START Record set
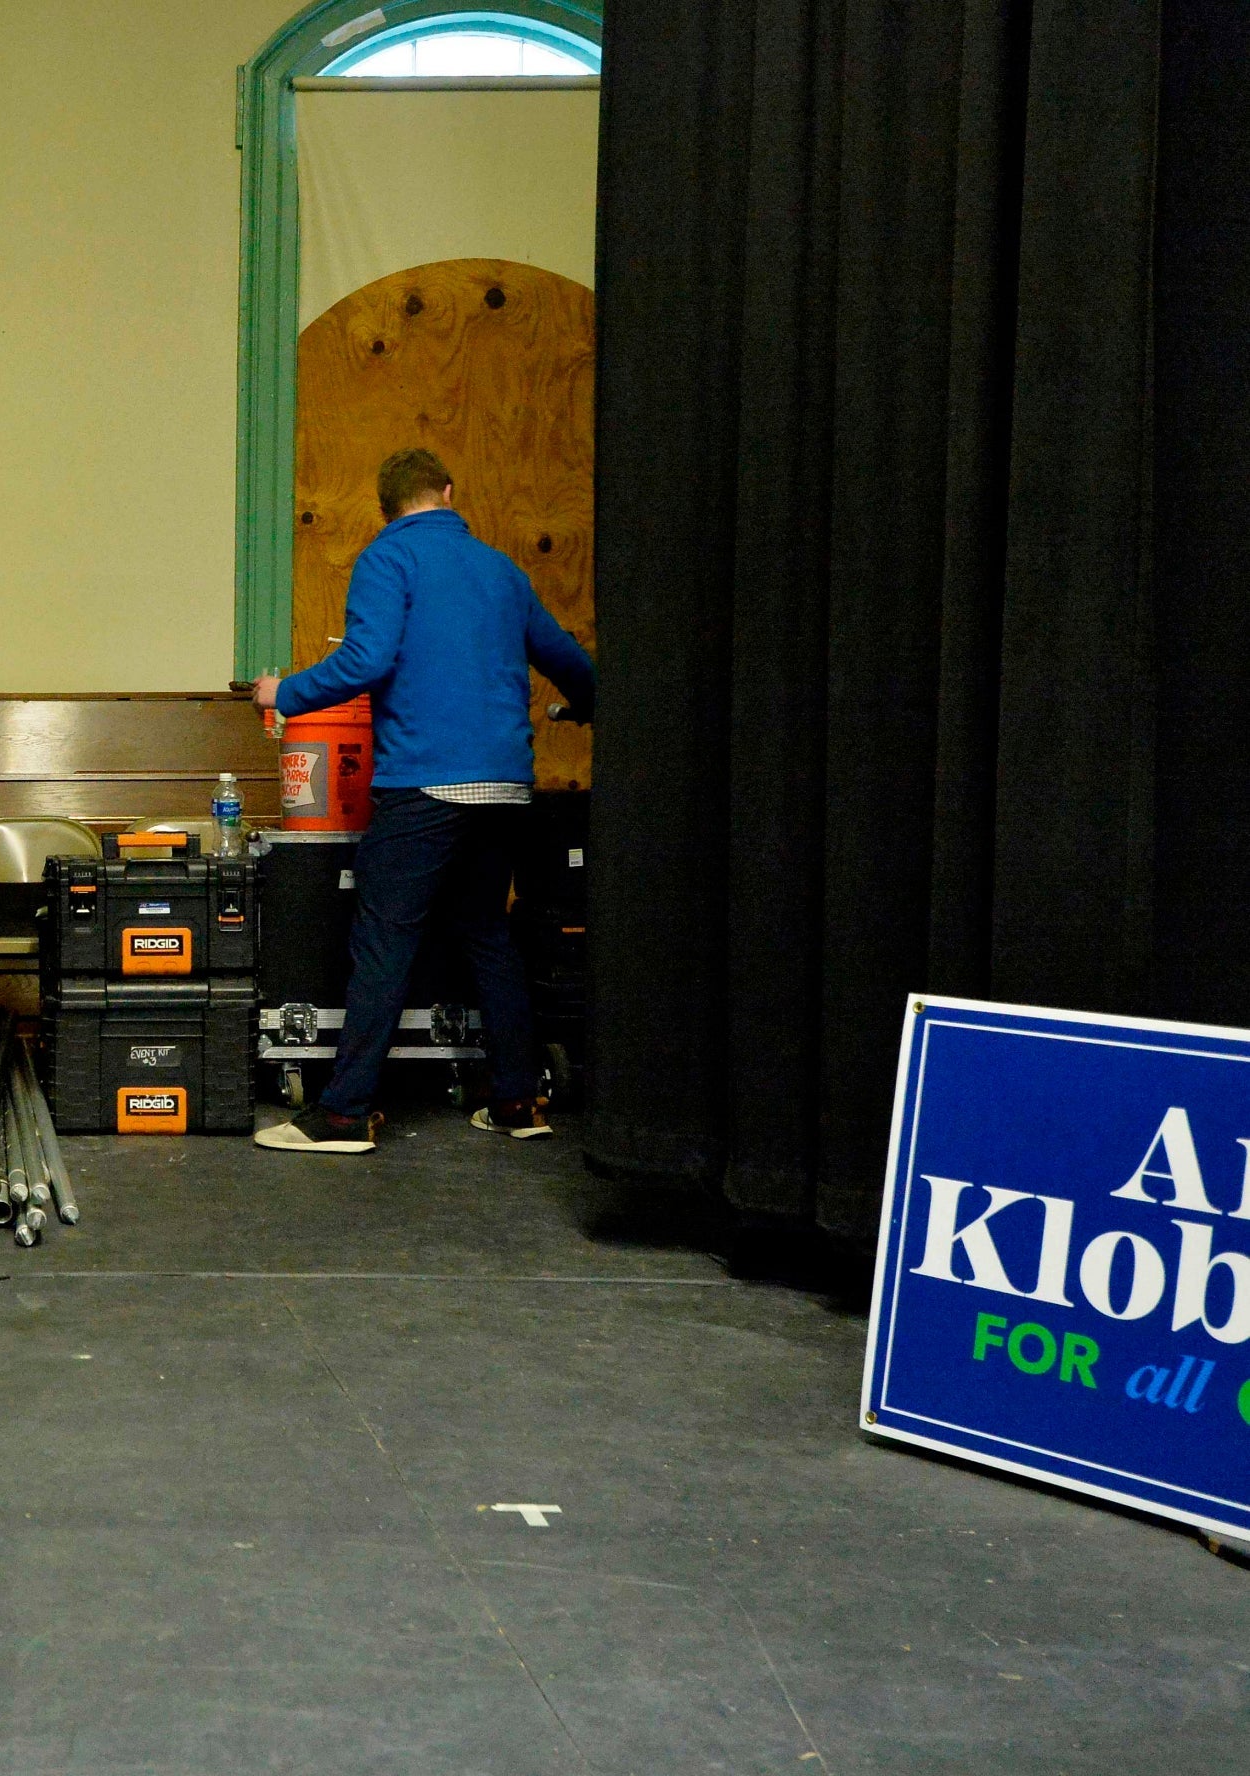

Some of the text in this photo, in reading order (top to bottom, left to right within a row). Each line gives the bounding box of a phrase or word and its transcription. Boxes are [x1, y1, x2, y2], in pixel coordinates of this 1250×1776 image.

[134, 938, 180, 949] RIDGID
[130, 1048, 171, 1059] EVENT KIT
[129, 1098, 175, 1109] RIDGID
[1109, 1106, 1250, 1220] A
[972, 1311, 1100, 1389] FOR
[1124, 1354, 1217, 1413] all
END Record set
**The problem:** Give the preceding data back exactly, minus every picture.

**Solved problem:**
Some of the text in this photo, in reading order (top to bottom, left to right within a row). Each line gives the bounding box of a phrase or word and its transcription. Boxes are [x1, y1, x2, y2], in pixel coordinates of this 1250×1776 image.

[134, 938, 180, 949] RIDGID
[130, 1048, 171, 1059] EVENT KIT
[129, 1098, 175, 1109] RIDGID
[1109, 1106, 1250, 1220] A
[972, 1311, 1100, 1389] FOR
[1124, 1354, 1217, 1413] all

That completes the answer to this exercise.